Я pneumothoracies на обоих легких и семейная история спонтанного пневмоторакса (СП), поэтому поступил в исследовании д-р Кристина Гарсия семейной спонтанный пневмоторакс. Хотя мои результаты теста не могут быть раскрыты для меня, было рекомендовано, чтобы я расскажу о связи между СПС и BHDS со своим семейным врачом. Затем он направил меня к дерматологу, который подтвердил диагноз BHD

3. Какое влияние же диагноз на вас?

Это был шок сначала, особенно читая о повышение риска рака почки. С положительной стороны, это было на самом деле хорошо знаю, почему моя семья имели легкое разрушается, когда многие из нас не подходят обычные профиль пневмоторакс вообще.

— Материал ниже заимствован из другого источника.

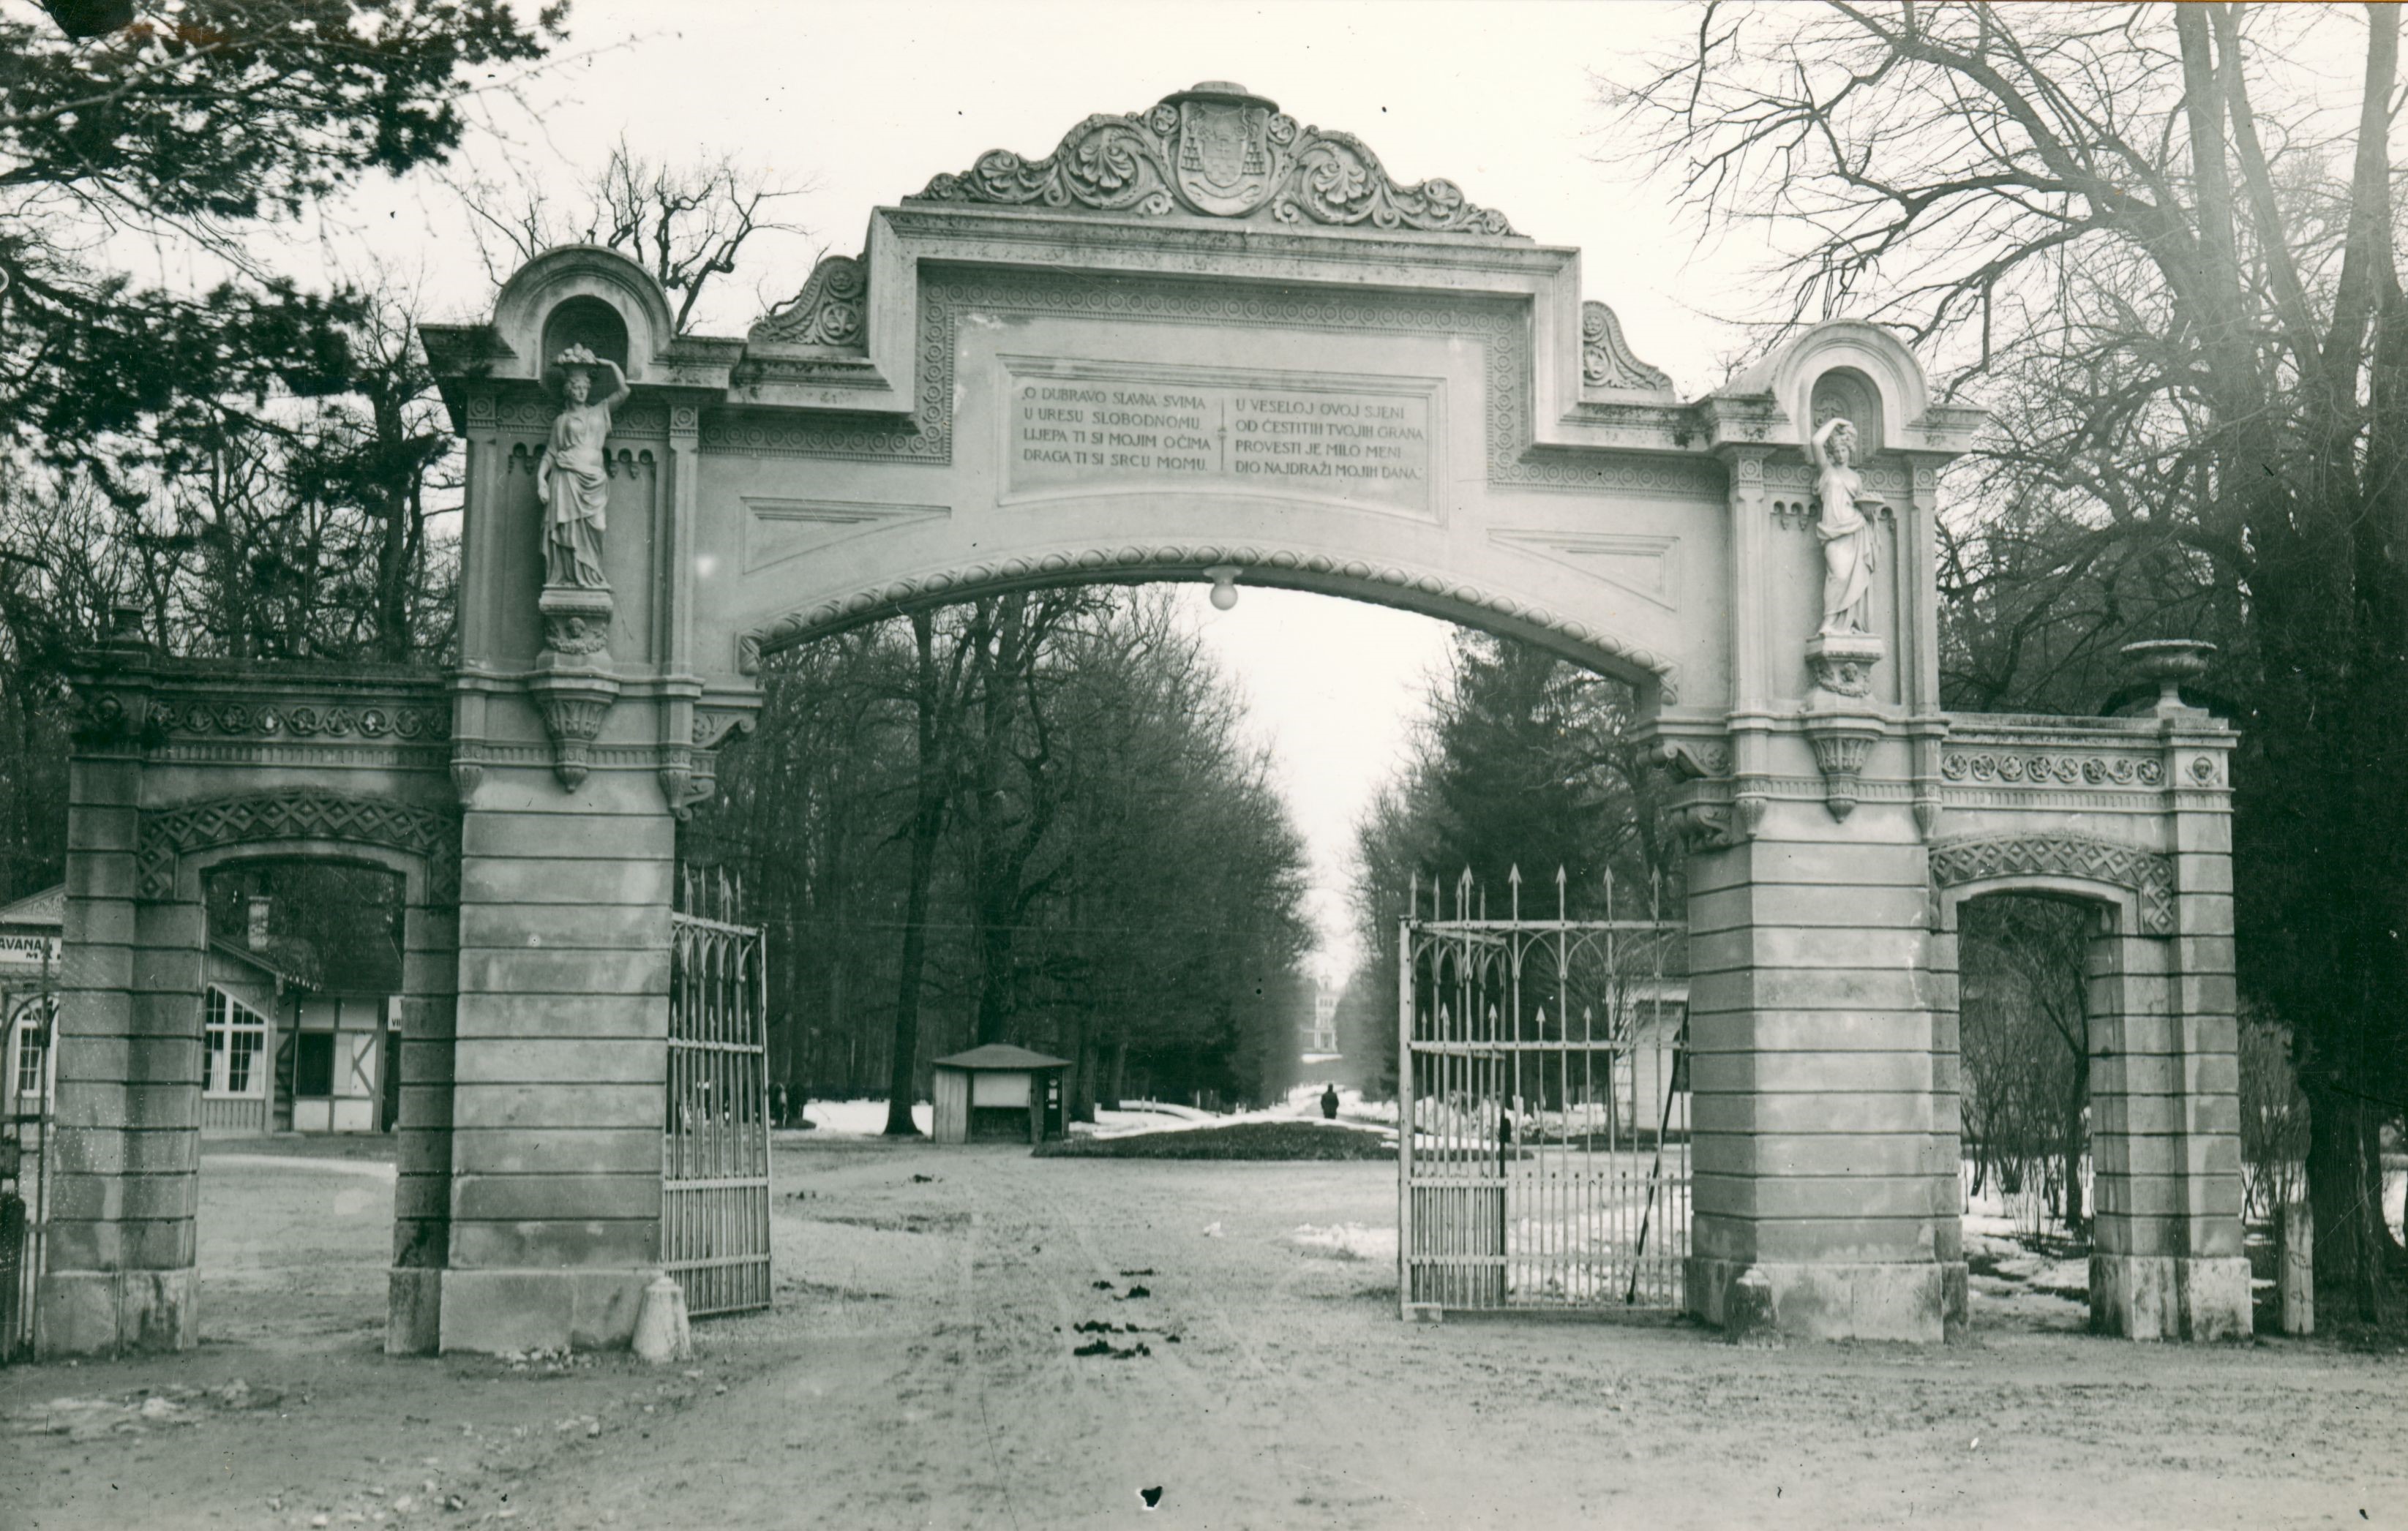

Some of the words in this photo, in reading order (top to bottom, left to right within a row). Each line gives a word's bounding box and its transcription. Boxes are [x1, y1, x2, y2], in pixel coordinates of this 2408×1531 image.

[1041, 387, 1107, 403] DUBRAVO
[1112, 391, 1157, 407] SLAVNA
[1163, 395, 1206, 410] SVIMA
[1024, 407, 1033, 420] U
[1038, 407, 1084, 423] URESU
[1236, 399, 1245, 412] U
[1250, 399, 1314, 415] VESELOJ
[1320, 403, 1359, 417] OVOJ
[1365, 405, 1404, 419] SJENI
[1024, 427, 1068, 443] LIJEPA
[1073, 430, 1085, 443] TI
[1091, 432, 1103, 445] SI
[1109, 433, 1157, 448] MOJIM
[1163, 435, 1211, 451] OČIMA
[1236, 420, 1258, 432] OD
[1326, 424, 1373, 438] TVOJIH
[1377, 426, 1424, 440] GRANA
[1024, 448, 1070, 464] DRAGA
[1073, 451, 1087, 464] TI
[1092, 452, 1103, 465] SI
[1110, 454, 1150, 467] SRCU
[1235, 440, 1301, 455] PROVESTI
[1305, 443, 1321, 455] JE
[1326, 443, 1361, 457] MILO
[1366, 445, 1401, 459] MENI
[1235, 460, 1260, 473] DIO
[1264, 460, 1331, 476] NAJDRAŽI
[1335, 464, 1378, 478] MOJIH

4. Вы объяснили BHD членов семьи?

Да, я объяснил BHD моей семьи, я сделал исследования в интерактивном режиме, так и Я послал копии информации с моей семьей. Распространение информации не была легкой, братья и сестры моей матери было сказано, а некоторые не хотят информировать своих детей, пока их собственный диагноз был подтвержден. Это означает, что некоторые члены семьи знали, а некоторые нет. Это было очень трудно управлять и вызвало некоторые неприязни в то время. При всех семи из них получает положительный результат теста, это уже не проблема.

5. Какие последствия вы думаете, есть у него в вашей семье?

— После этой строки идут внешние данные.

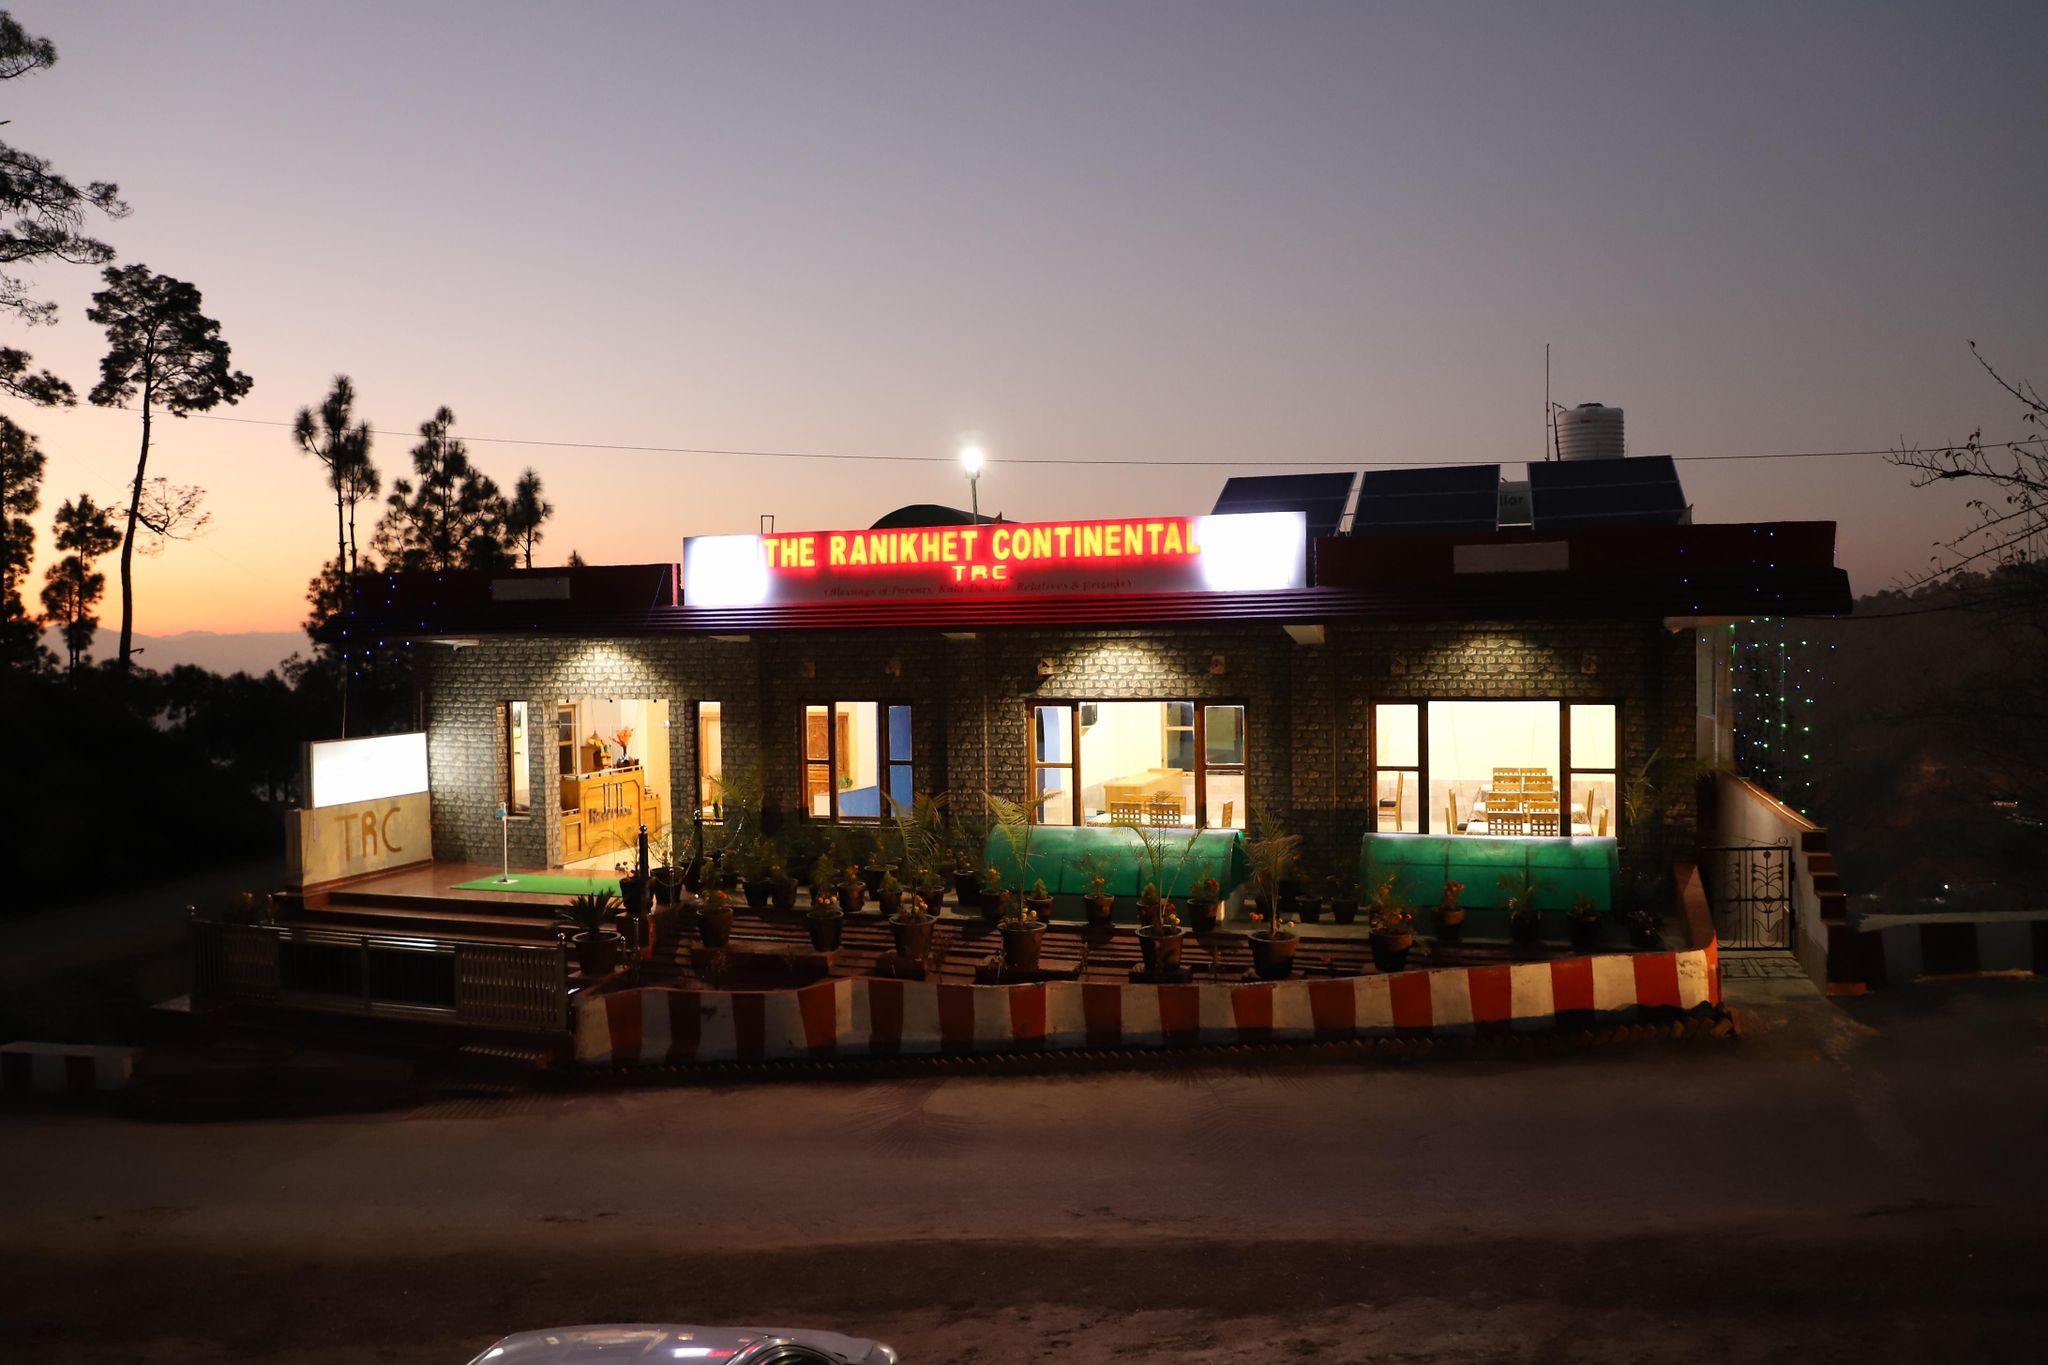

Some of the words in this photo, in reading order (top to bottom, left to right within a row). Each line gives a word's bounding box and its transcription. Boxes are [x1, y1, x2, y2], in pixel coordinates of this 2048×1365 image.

Все последствия для моей семьи по-прежнему неопределенным, поскольку мы не все были проверены еще. Те из нас, которые были диагностированы проходят почек и легкого сканирования. Большинство из нас обеспокоены тем, как широко распространенный синдром в нашей семье. Из девяти экране до сих пор мы не имели отрицательный результат.

6. Где ты более подробную информацию о синдроме BHD?

Я получил большую часть своей информации в Интернете. BHD не очень хорошо известны в общей медицинской профессии в Новой Зеландии, и я часто сам принимает воспитателя роль при разговоре с врачами. Я теперь к BHD назначения вооруженных бюллетени.

7. Есть ли у вас советы для людей, которые ищут для диагностики?

Я думаю, если вы обеспокоены тем, что у вас есть BHD лучше всего искать диагноз как можно быстрее. Хотя не так много может быть сделано предупреждение симптомов, отрадно иметь регулярный скрининг, то любое лечение может осуществляться быстро.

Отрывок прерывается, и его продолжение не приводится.